• _DATASET ENTRIES_:
*-*-*
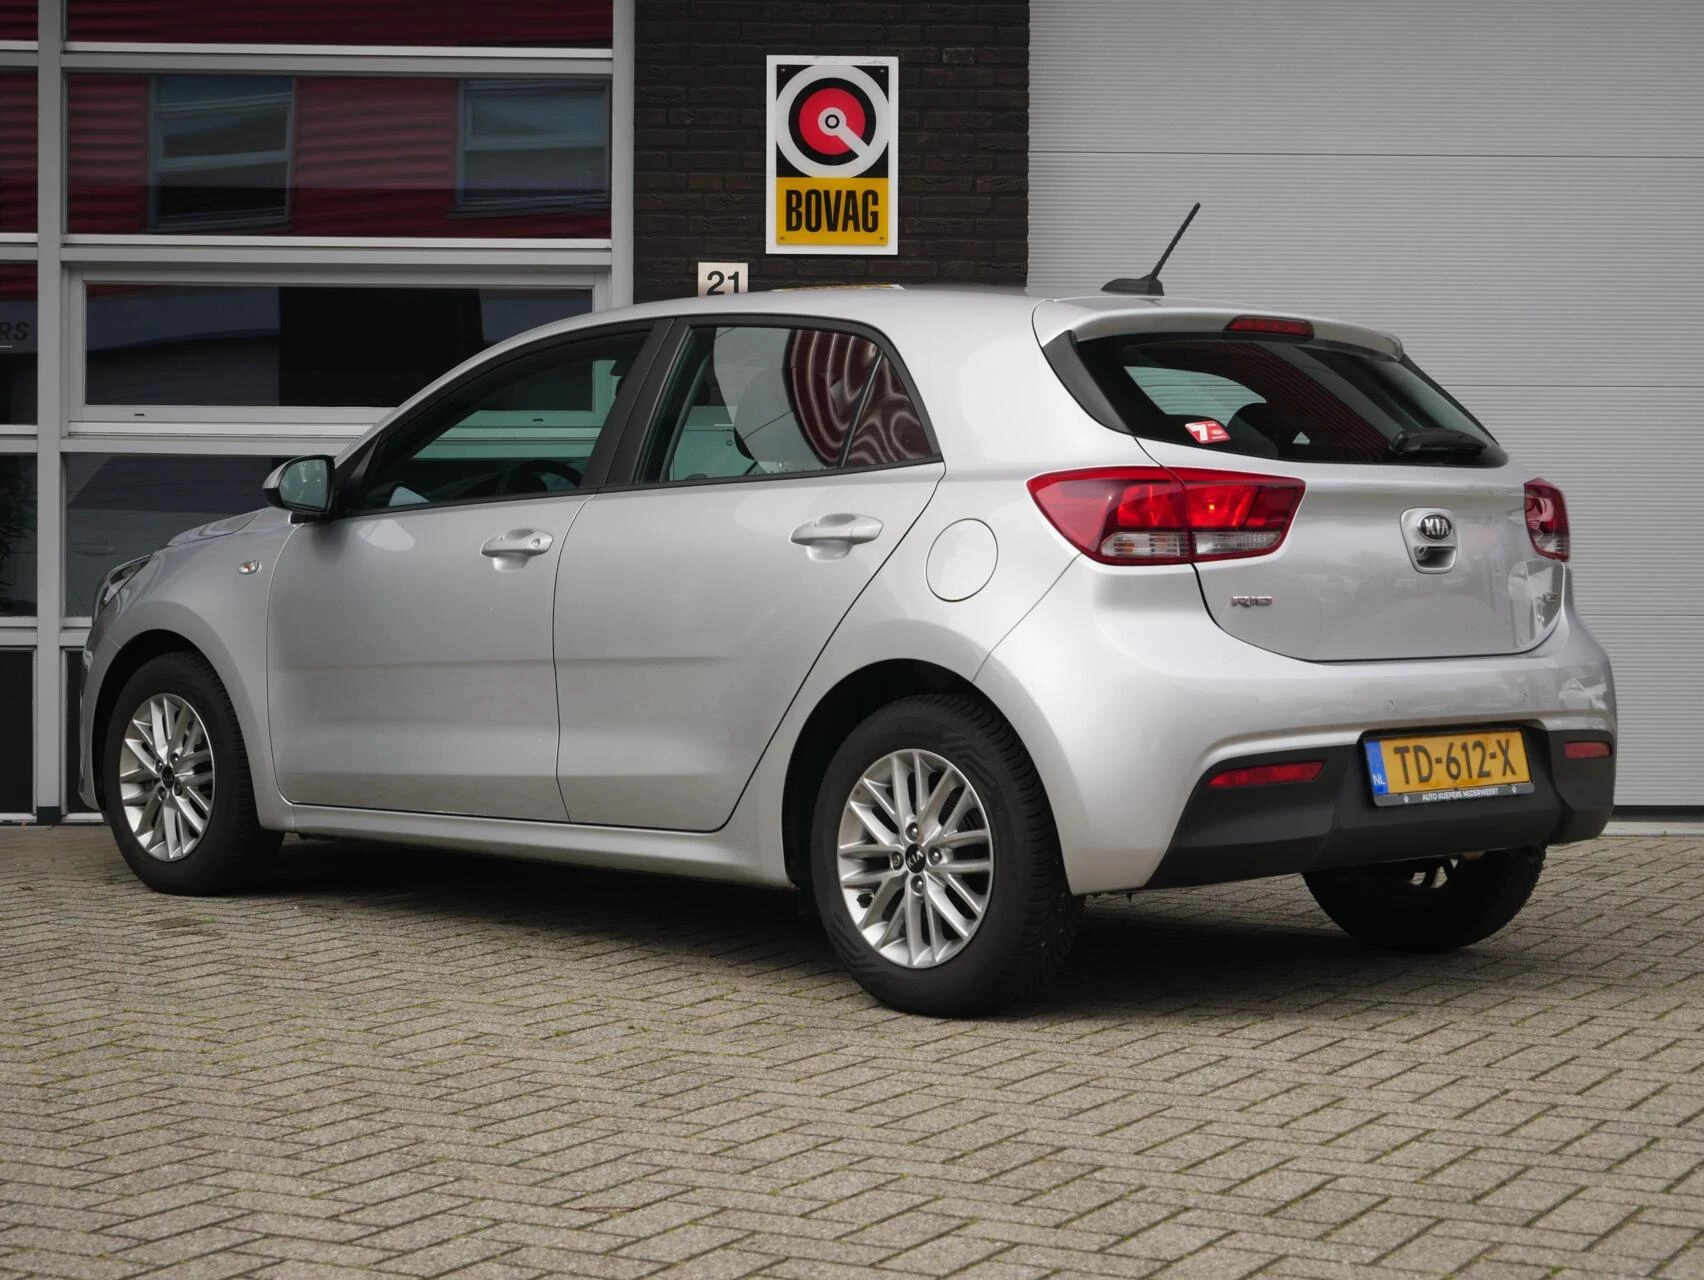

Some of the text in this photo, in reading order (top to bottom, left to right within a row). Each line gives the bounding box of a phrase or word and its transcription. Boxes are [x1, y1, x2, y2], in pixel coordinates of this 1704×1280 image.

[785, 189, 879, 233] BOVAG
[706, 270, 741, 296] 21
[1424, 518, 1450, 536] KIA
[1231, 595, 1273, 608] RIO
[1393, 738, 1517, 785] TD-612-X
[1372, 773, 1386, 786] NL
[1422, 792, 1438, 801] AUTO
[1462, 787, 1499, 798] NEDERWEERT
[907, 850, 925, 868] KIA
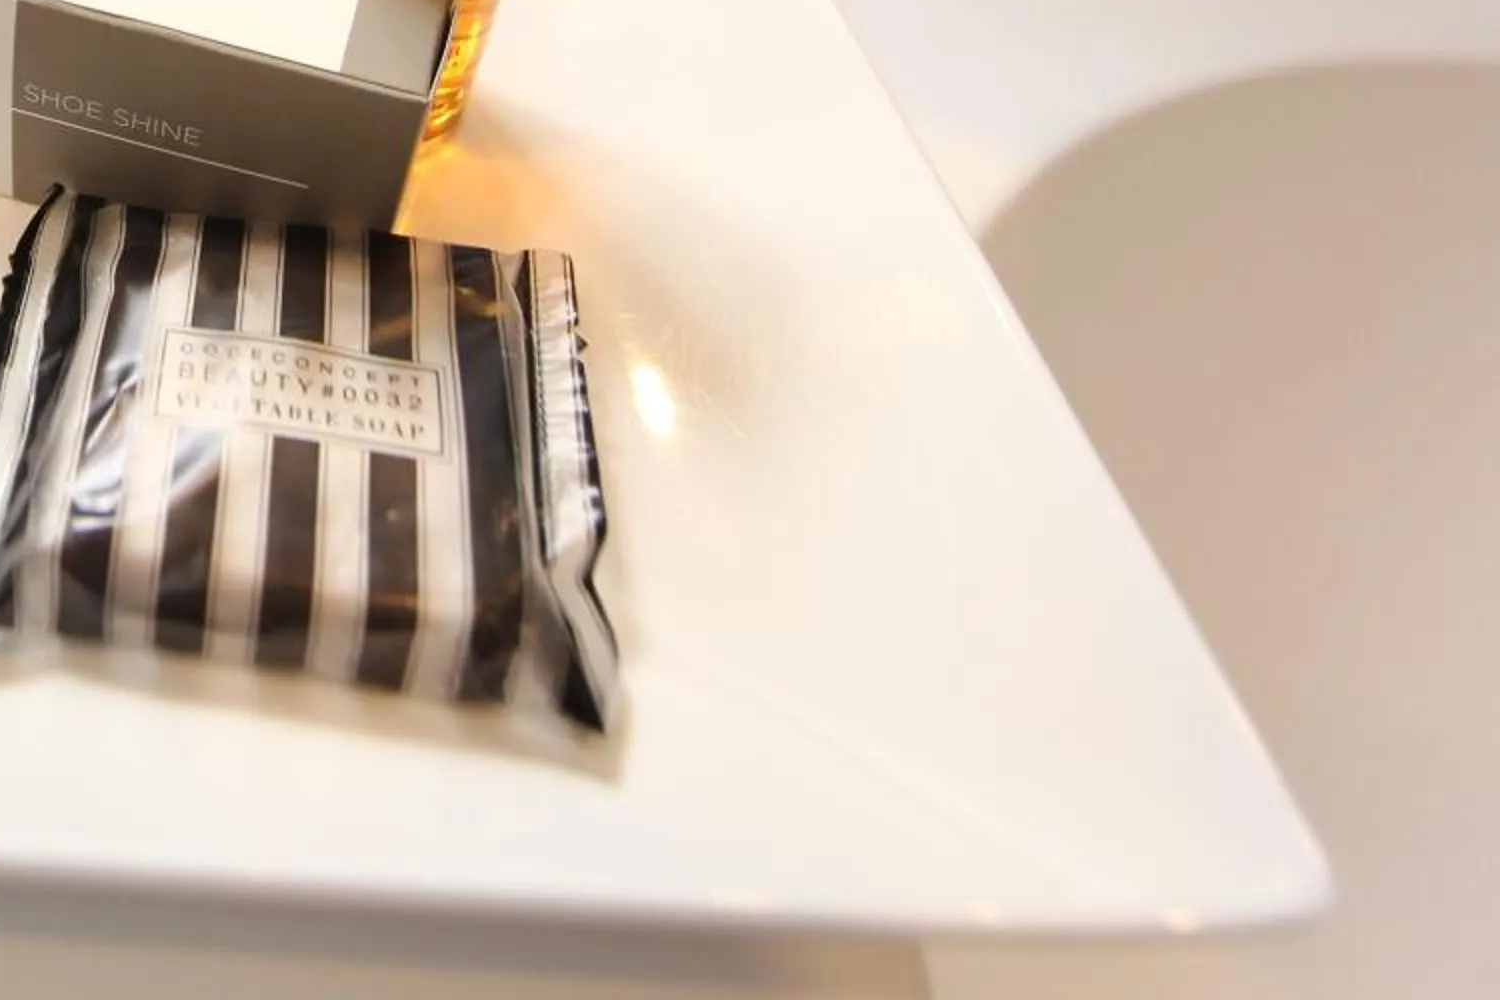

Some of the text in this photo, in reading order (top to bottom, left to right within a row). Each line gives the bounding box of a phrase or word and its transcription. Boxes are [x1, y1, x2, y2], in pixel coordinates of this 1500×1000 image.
*-*-*
• _REQUIRED ACTION_:
Print the material word for word; images are to be left out.

• _FINAL ANSWER_:
Some of the text in this photo, in reading order (top to bottom, left to right within a row). Each line gives the bounding box of a phrase or word and its transcription. Boxes are [x1, y1, x2, y2], in pixel coordinates of this 1704×1280 image.

[785, 189, 879, 233] BOVAG
[706, 270, 741, 296] 21
[1424, 518, 1450, 536] KIA
[1231, 595, 1273, 608] RIO
[1393, 738, 1517, 785] TD-612-X
[1372, 773, 1386, 786] NL
[1422, 792, 1438, 801] AUTO
[1462, 787, 1499, 798] NEDERWEERT
[907, 850, 925, 868] KIA

Some of the text in this photo, in reading order (top to bottom, left to right within a row). Each line gives the bounding box of a phrase or word and its transcription. Boxes are [x1, y1, x2, y2], in pixel coordinates of this 1500×1000 image.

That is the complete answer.